(Items from a dataset)
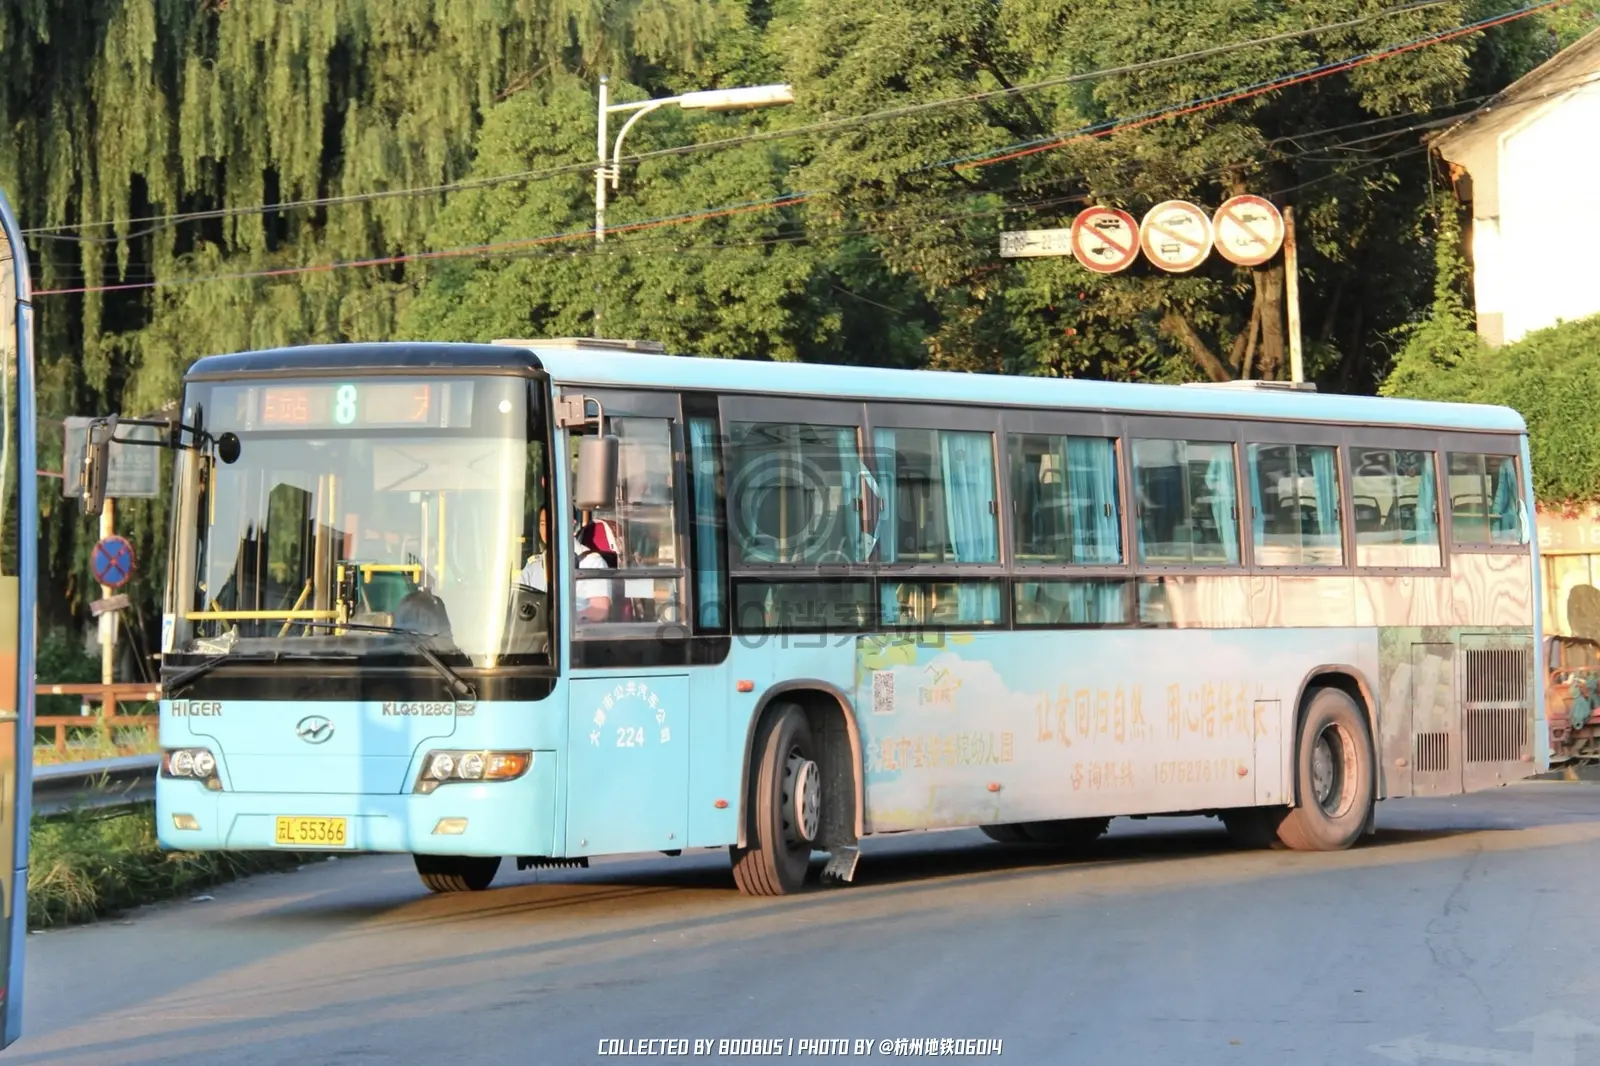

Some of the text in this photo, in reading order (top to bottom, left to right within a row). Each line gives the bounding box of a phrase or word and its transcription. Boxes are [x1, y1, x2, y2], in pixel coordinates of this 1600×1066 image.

[335, 384, 357, 424] 8
[171, 701, 222, 716] HIGER
[616, 726, 645, 748] 224
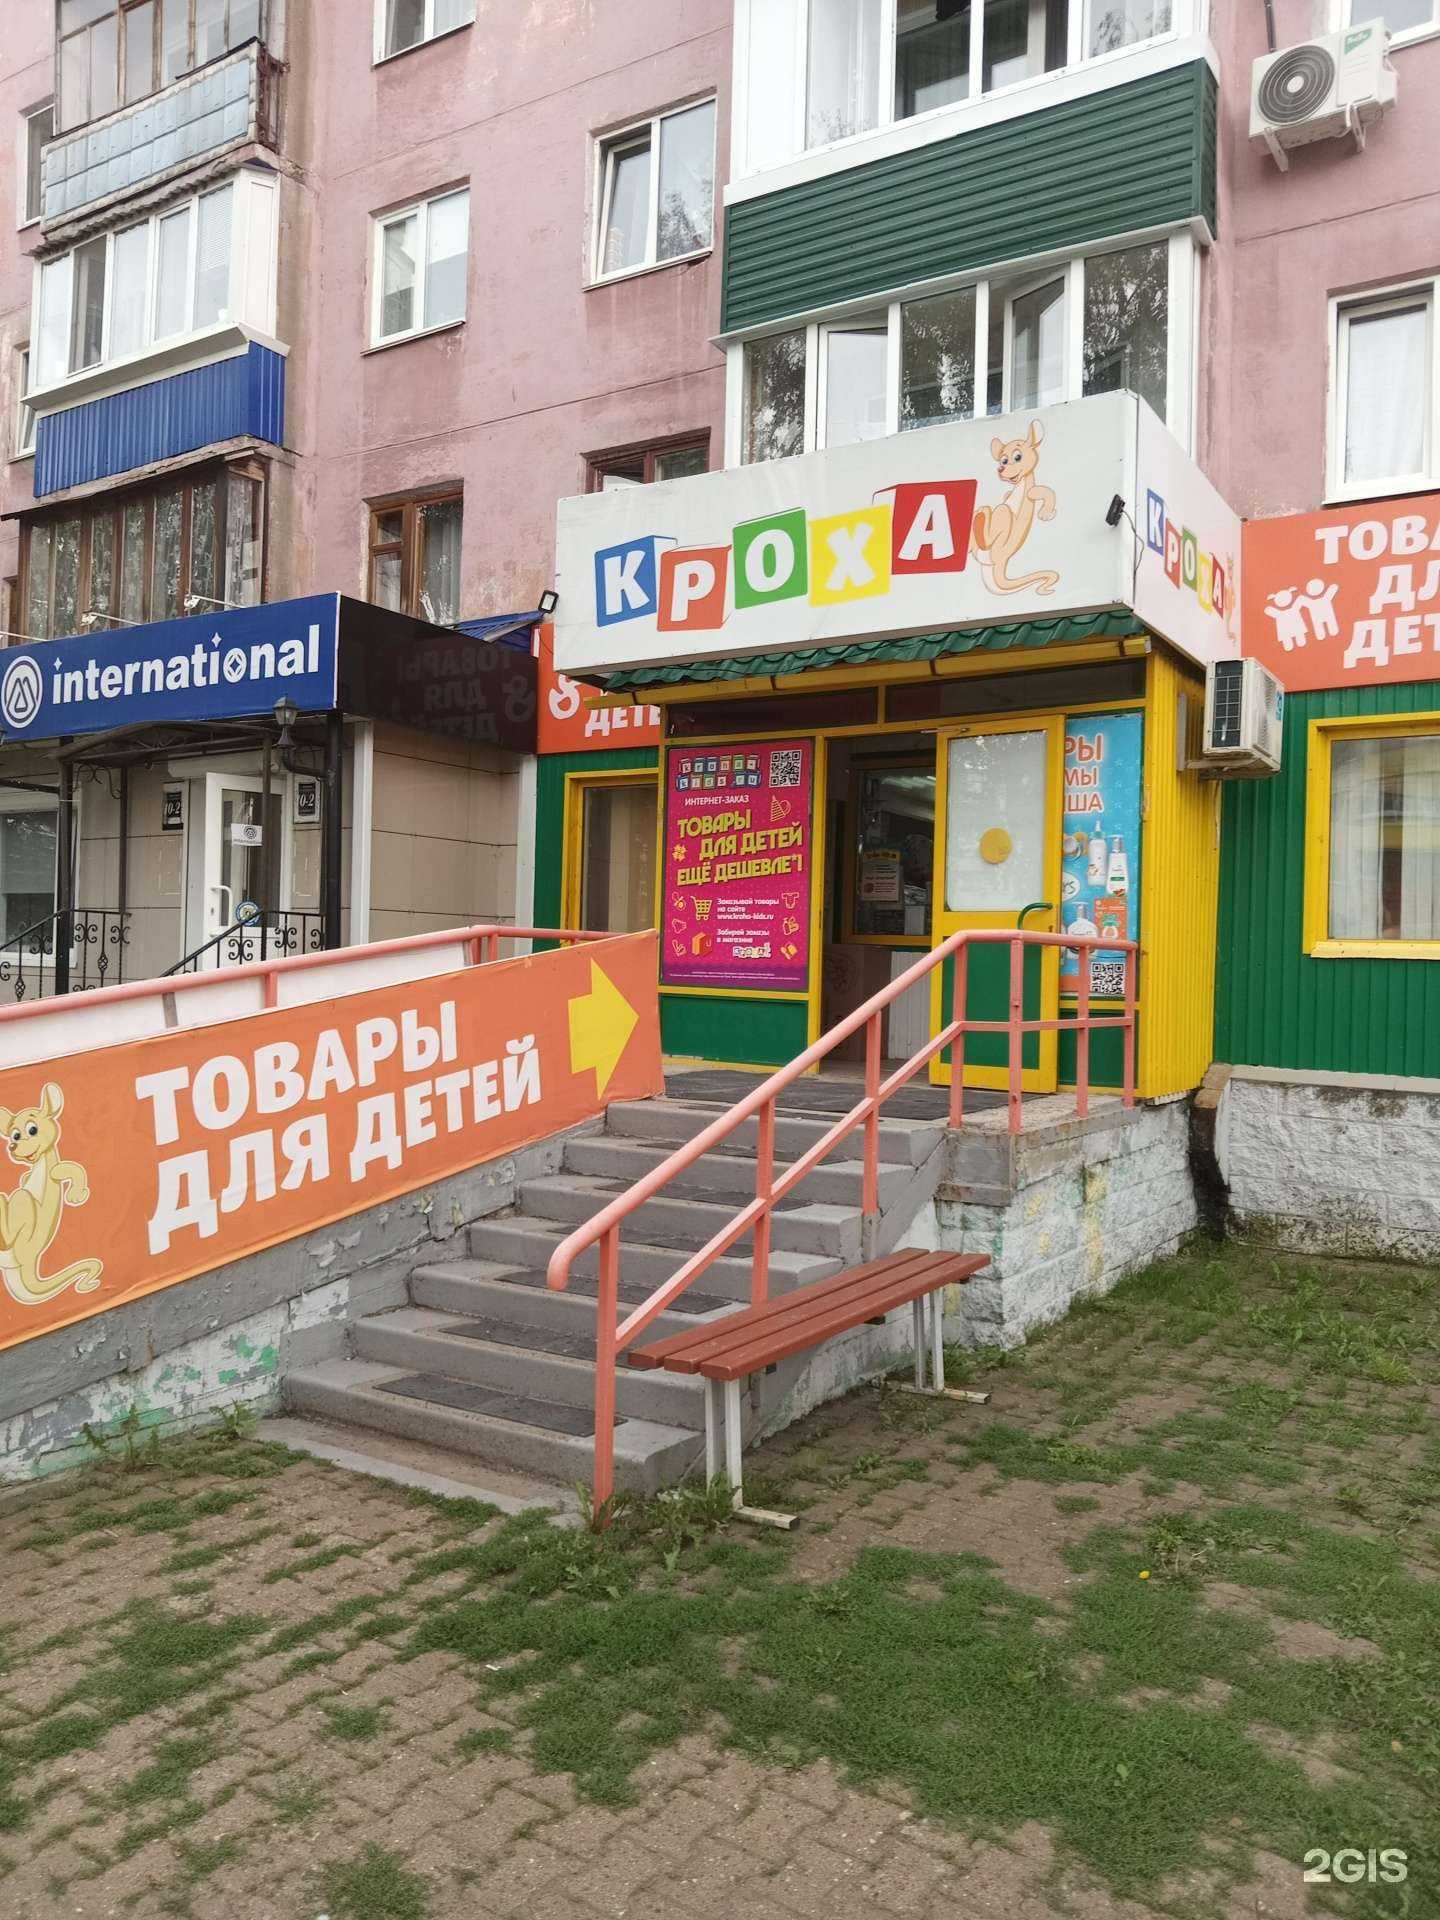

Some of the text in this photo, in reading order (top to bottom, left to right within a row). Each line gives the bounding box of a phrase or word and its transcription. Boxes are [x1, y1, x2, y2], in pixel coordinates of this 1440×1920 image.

[603, 494, 954, 622] КРОХА
[1149, 497, 1223, 609] КРОХА
[53, 624, 320, 704] international
[678, 809, 751, 838] ТОВАРЫ
[685, 795, 749, 806] ИНТЕРНЕТ-ЗАКАЗ
[700, 821, 802, 860] ДЛЯ ДЕТЕЙ
[677, 862, 711, 885] ЕЩЁ
[135, 1001, 457, 1145] ТОВАРЫ
[148, 1034, 541, 1255] ДЛЯ ДЕТЕЙ
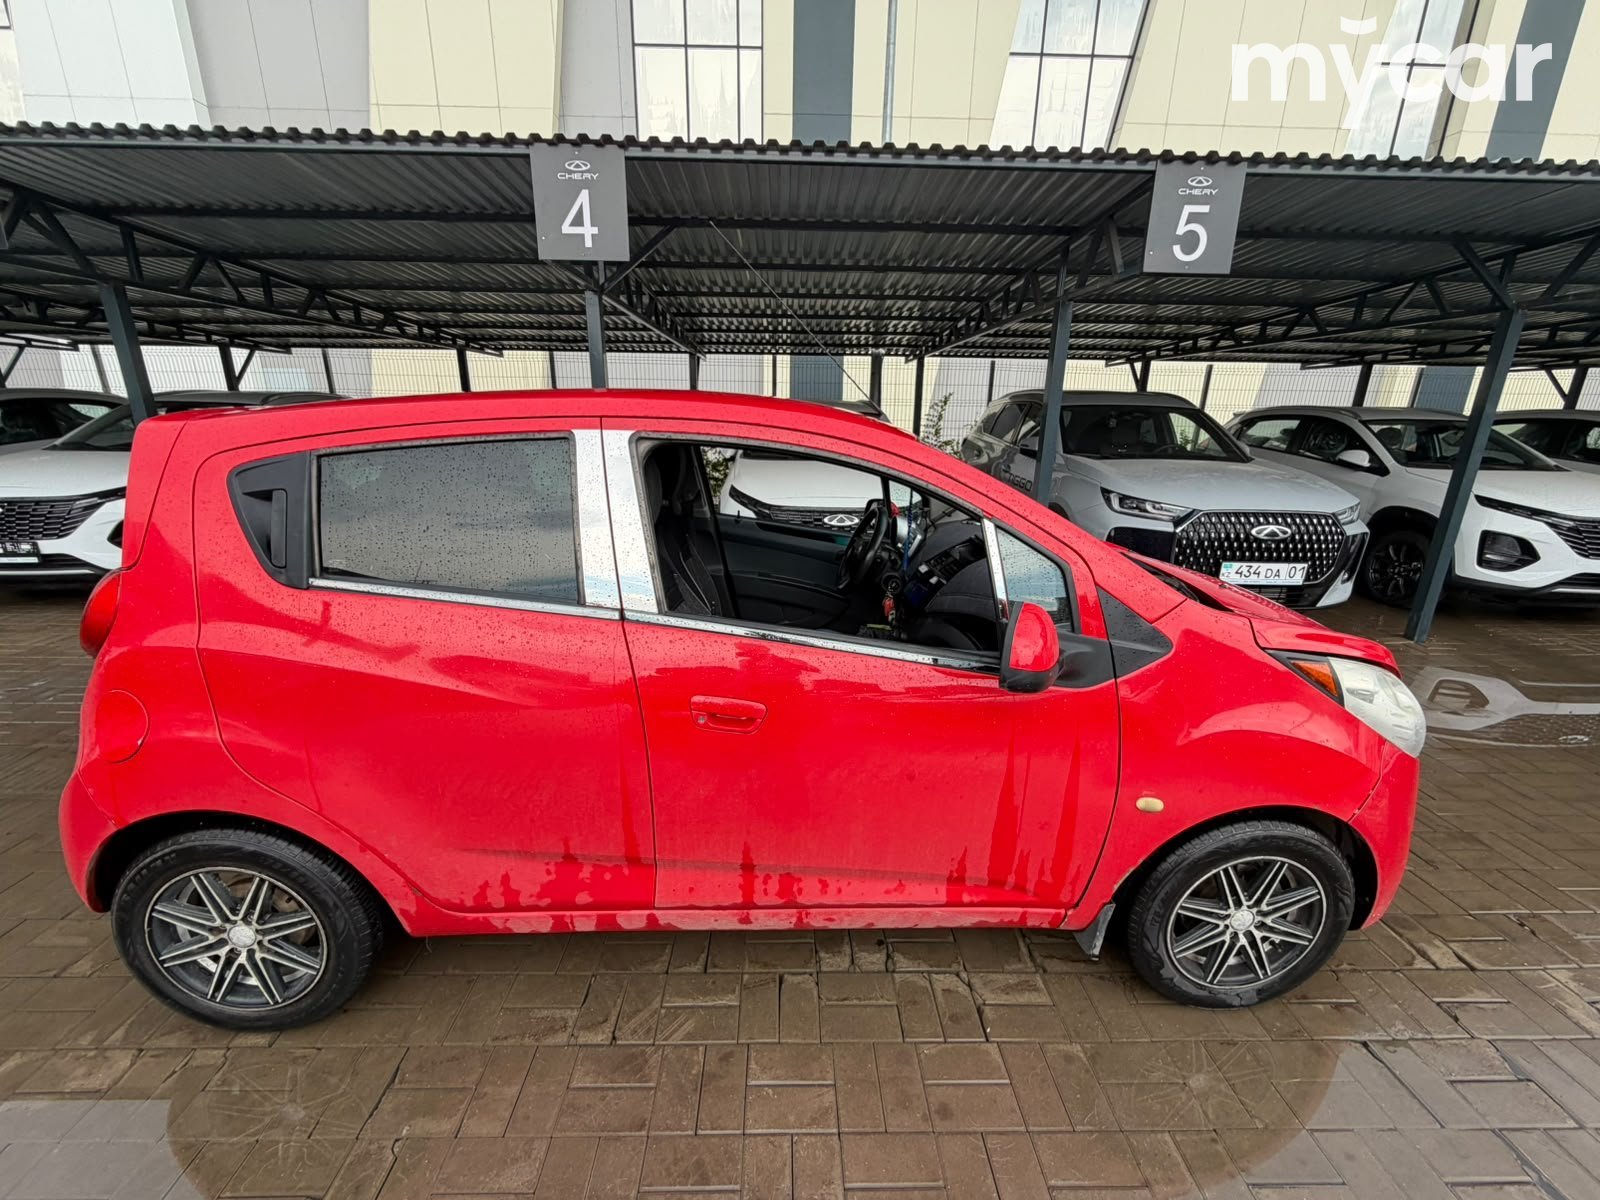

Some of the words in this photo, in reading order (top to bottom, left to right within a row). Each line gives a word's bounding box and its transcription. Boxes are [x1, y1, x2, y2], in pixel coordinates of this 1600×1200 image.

Assigned task: Without copying any images, transcribe the records exactly as they stand.

Written solution:
Some of the text in this photo, in reading order (top to bottom, left to right within a row). Each line gives the bounding box of a phrase or word and its transcription. Boxes are [x1, y1, x2, y2], in pixel coordinates of this 1600×1066 image.

[335, 384, 357, 424] 8
[171, 701, 222, 716] HIGER
[616, 726, 645, 748] 224

Some of the text in this photo, in reading order (top to bottom, left to right within a row). Each line gives the bounding box of a phrase or word and its transcription. Boxes are [x1, y1, x2, y2], in pixel coordinates of this 1440×1920 image.

[603, 494, 954, 622] КРОХА
[1149, 497, 1223, 609] КРОХА
[53, 624, 320, 704] international
[678, 809, 751, 838] ТОВАРЫ
[685, 795, 749, 806] ИНТЕРНЕТ-ЗАКАЗ
[700, 821, 802, 860] ДЛЯ ДЕТЕЙ
[677, 862, 711, 885] ЕЩЁ
[135, 1001, 457, 1145] ТОВАРЫ
[148, 1034, 541, 1255] ДЛЯ ДЕТЕЙ

Some of the words in this photo, in reading order (top to bottom, left to right within a row). Each line gives a word's bounding box and its transcription. Boxes are [x1, y1, x2, y2], in pixel coordinates of this 1600×1200 image.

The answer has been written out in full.